What did all of this supposed concern for norms get us? The return of a president who is more emboldened and lawless than ever and determined to take revenge. Democrats fretted endlessly that if they bent rules, Republicans would take it as permission to break them. But they don’t need permission to do anything and never did. If they have the power to just do things, they will do them. While Democrats look at this as a moral shortcoming, it really isn’t one. Republicans believe that the monstrous things they are doing are right. Because they believe they’re right, they are unwilling to let some petty rules—and certainly not mere niceties—get in the way. And because they have seen what Democrats do when they take power, they are not afraid that what goes around will come back around.

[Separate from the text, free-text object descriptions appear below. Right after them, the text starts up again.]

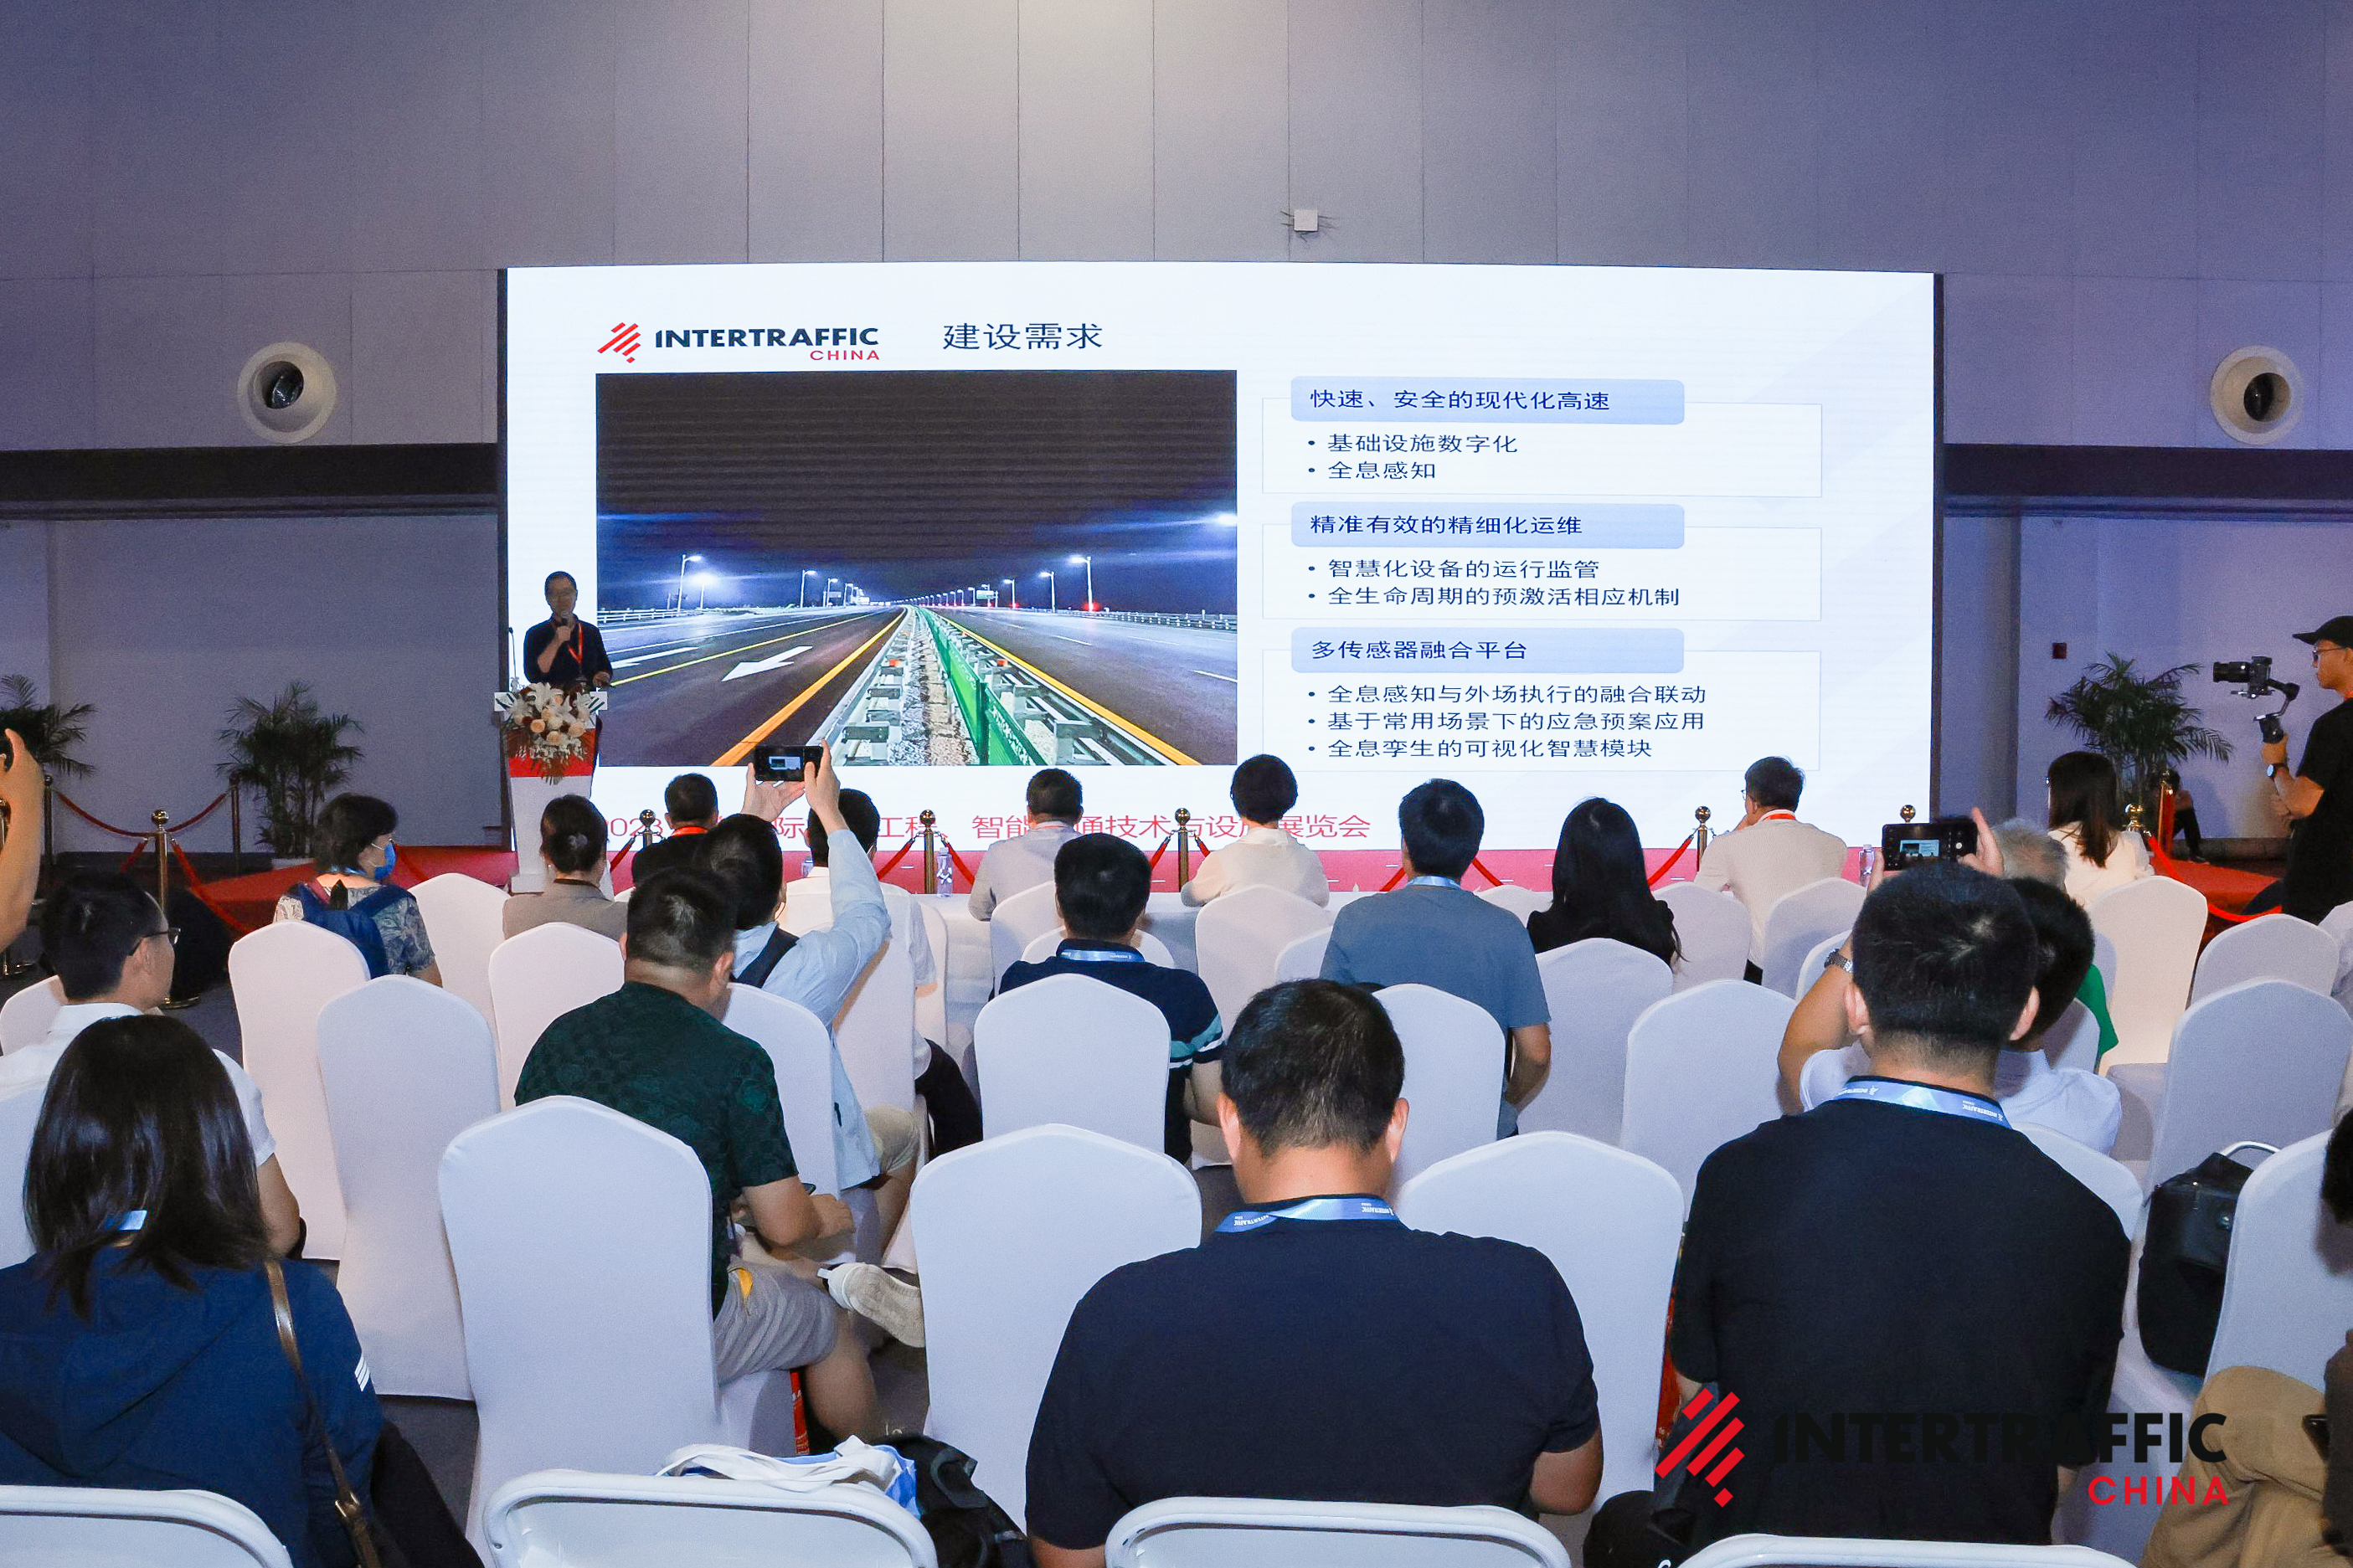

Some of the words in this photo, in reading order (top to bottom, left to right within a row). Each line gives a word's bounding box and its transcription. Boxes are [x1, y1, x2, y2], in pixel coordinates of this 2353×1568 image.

[656, 328, 879, 348] INTERTRAFFIC
[943, 323, 1103, 350] 建设需求
[811, 350, 880, 361] CHINA
[1310, 389, 1610, 410] 快速、安全的现代化高速
[1328, 434, 1518, 453] 基础设施数字化
[1328, 461, 1435, 480] 全息感知
[1310, 515, 1583, 535] 精准有效的精细化运维
[1329, 559, 1599, 579] 智慧化设备的运行监管
[1328, 587, 1679, 606] 全生命周期的预激活相应机制
[1312, 640, 1527, 660] 多传感器融合平台
[1328, 685, 1706, 704] 全息感知与外场执行的融合联动
[1328, 712, 1704, 731] 基于常用场景下的应急预案应用
[1328, 739, 1652, 758] 全息孪生的可视化智慧模块

There is a good chance that we are about to see Republicans push us into some very dark territory in the next four years. If Republicans do the things they have promised, there will be more concentration camps, threats to journalists, violence toward protesters, billionaires looting every public service we depend on, wars of expansion, an acceleration of the climate crisis, and an ethnic cleansing. It may not even be four years—top Republicans have begun calling for Trump to run for an unconstitutional third term.
If there is ever another Democratic president, they need to be willing to be just as ruthless in their efforts to rebuild from Trump as he has been in tearing everything down. That will not come from obeying norms for their own sake but from using raw political power as an instrument of justice. As voters, we need to make sure that we keep up the pressure to show our leaders that there are consequences for refusing to do whatever it takes to pass the agenda they were elected to pass.